On mesure d'ordinaire une révolution à sa capacité de prendre le pouvoir mais c'est plutôt le moment de la contre-révolution et de la reprise en main. Une révolution change d'abord les mentalités, et pour longtemps. C'est une refondation des solidarités sociales. Il faudrait se poser la question de ce que pourrait bien signifier prendre le pouvoir et qui le prend ! "Le peuple qui gouverne n'est jamais tout-à-fait le même que le peuple qui est gouverné" disait avec raison John Stuart Mill. Les élus deviennent rapidement des élites coupées de la population. On ne peut plus avoir la naïveté de croire non plus dans une soi-disant "démocratie directe" vite noyautée ou désorganisée. Cette démocratie d'assemblée a sa fonction, surtout en début de mouvement, mais il ne faut pas en surestimer la représentativité au-delà d'un rôle de contre-pouvoir. Le référendum, sacralisé par certains, ne vaut guère mieux la plupart du temps, du moins lorsqu'il n'est pas précédé d'un long débat citoyen comme lors du référendum sur la constitution européenne. On sait que c'est l'instrument du plébiscite et des régimes fascisants.
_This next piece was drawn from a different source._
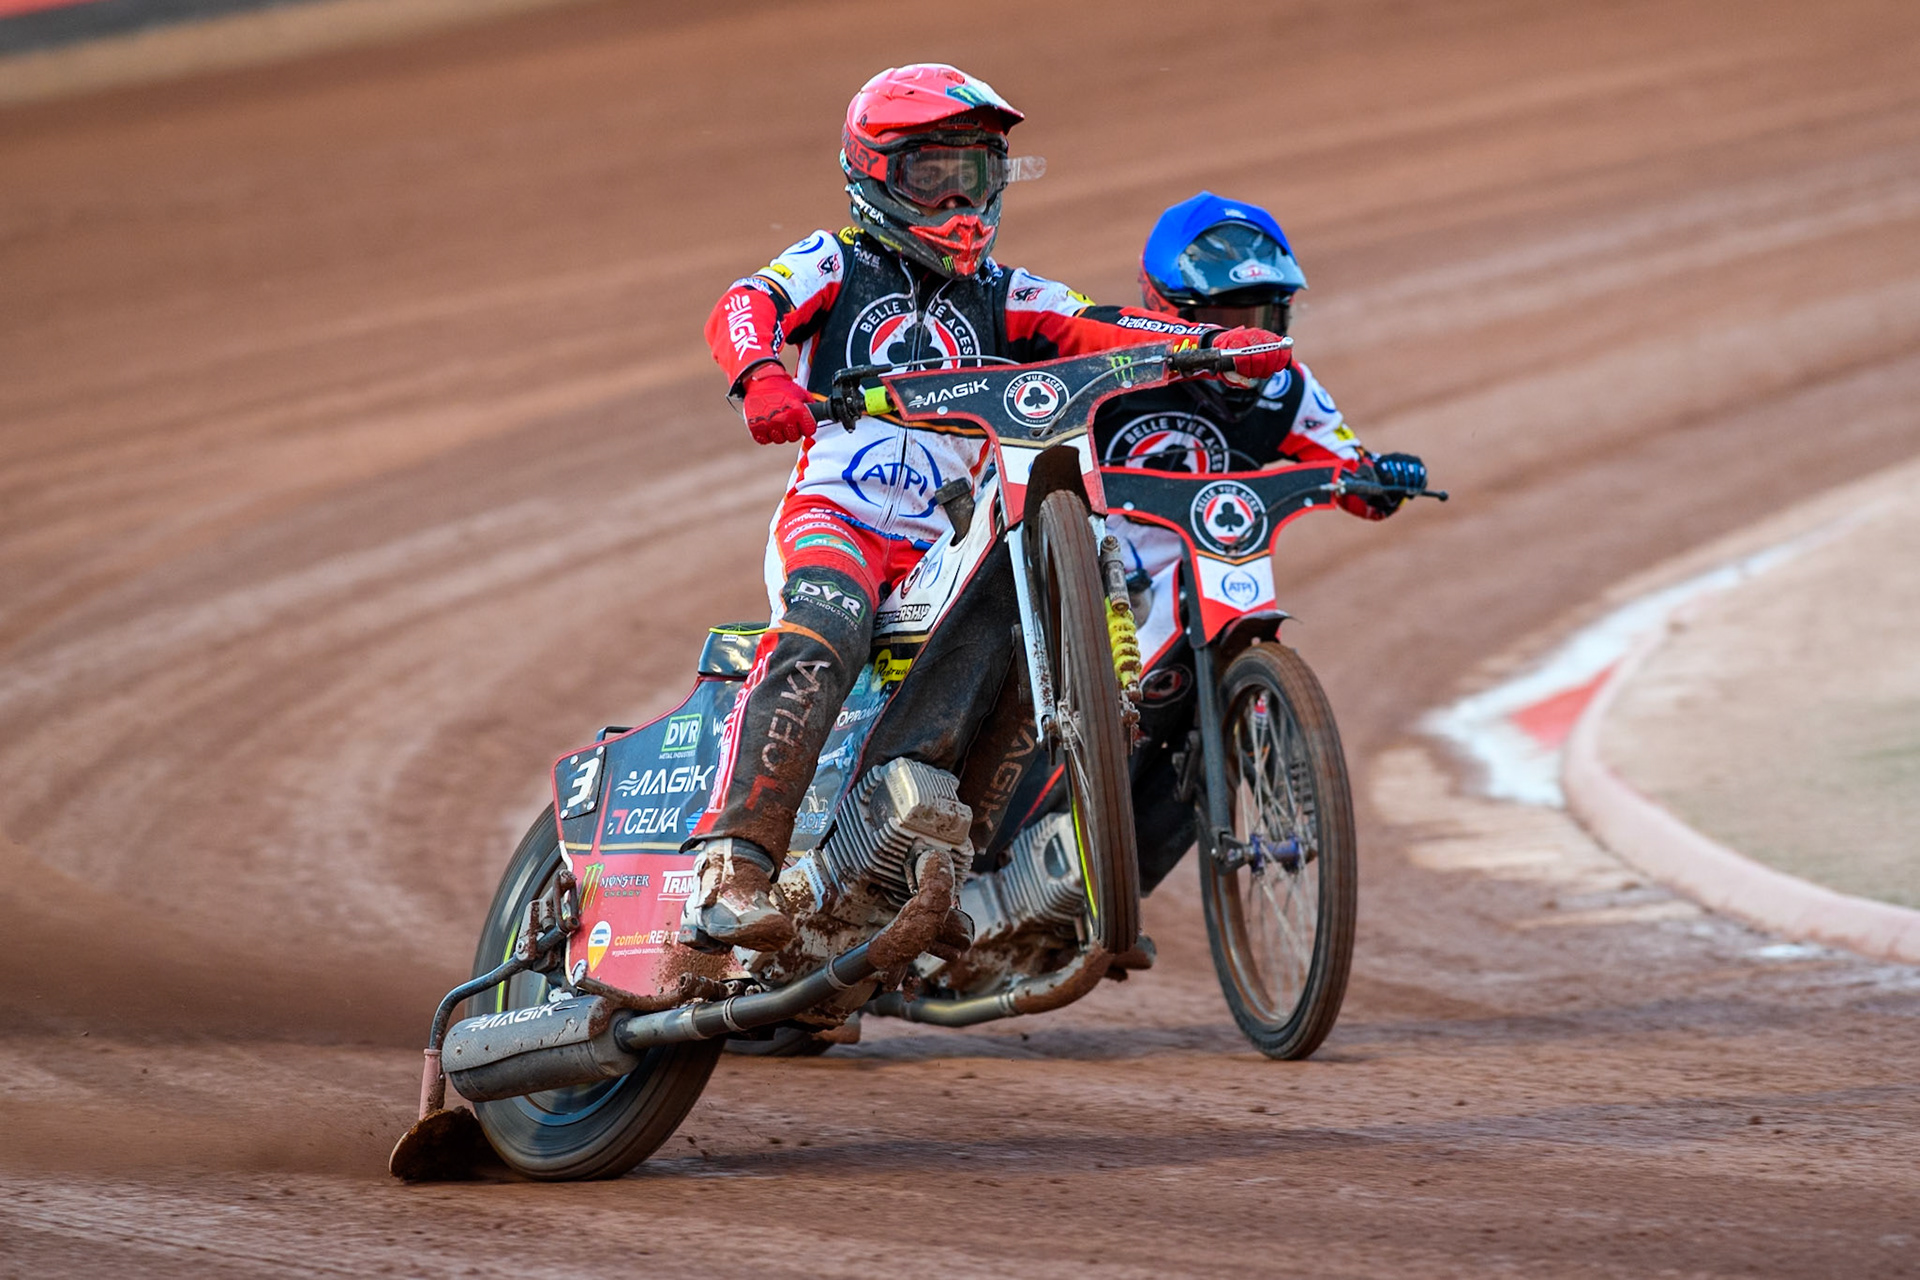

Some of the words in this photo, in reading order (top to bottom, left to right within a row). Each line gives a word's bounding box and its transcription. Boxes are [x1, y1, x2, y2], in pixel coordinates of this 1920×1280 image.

Le vote lui-même est un acte de soumission exigé du souverain et n'est pas sans violence à vouloir clouer le bec de la minorité.
Il faut partir du fait que les procédures démocratiques sont toujours dévoyées au profit d'une oligarchie. Il ne s'agit pas de donner le pouvoir à nos "amis", on a vu ce que ça donne, mais bien d'essayer de démocratiser la démocratie. Vouloir une véritable démocratie qui donne la parole à tous, c'est se soucier de ne pas laisser la parole aux grandes gueules ni aux beaux parleurs, c'est ne pas céder aux mouvements de foule ni laisser les organisations partisanes manipuler les assemblées, c'est, bien sûr, éviter toute violence malgré les quelques abrutis qui valorisent les armes : dès que les armes parlent, nous n'avons plus la parole et la révolution c'est d'abord la libération de la parole. On se demande au nom de quelle vérité révélée certains s'arrogent le droit de faire régner la terreur et se considèrent comme le bras armé d'un peuple imaginaire ! Il faut être bien borné et dépourvu de tout esprit critique pour s'engager dans cette voie sans issue. Il vaut mieux connaître nos propres limites et savoir que la démocratie véritable n'existe pas plutôt que d'y prétendre pour mieux imposer son pouvoir. Aucune procédure qui ne peut être détournée ! Il ne faudrait donc laisser aucun pouvoir sans contre-pouvoirs au moins et se soucier d'abord de la participation des citoyens concernés ainsi que du respect des minorités.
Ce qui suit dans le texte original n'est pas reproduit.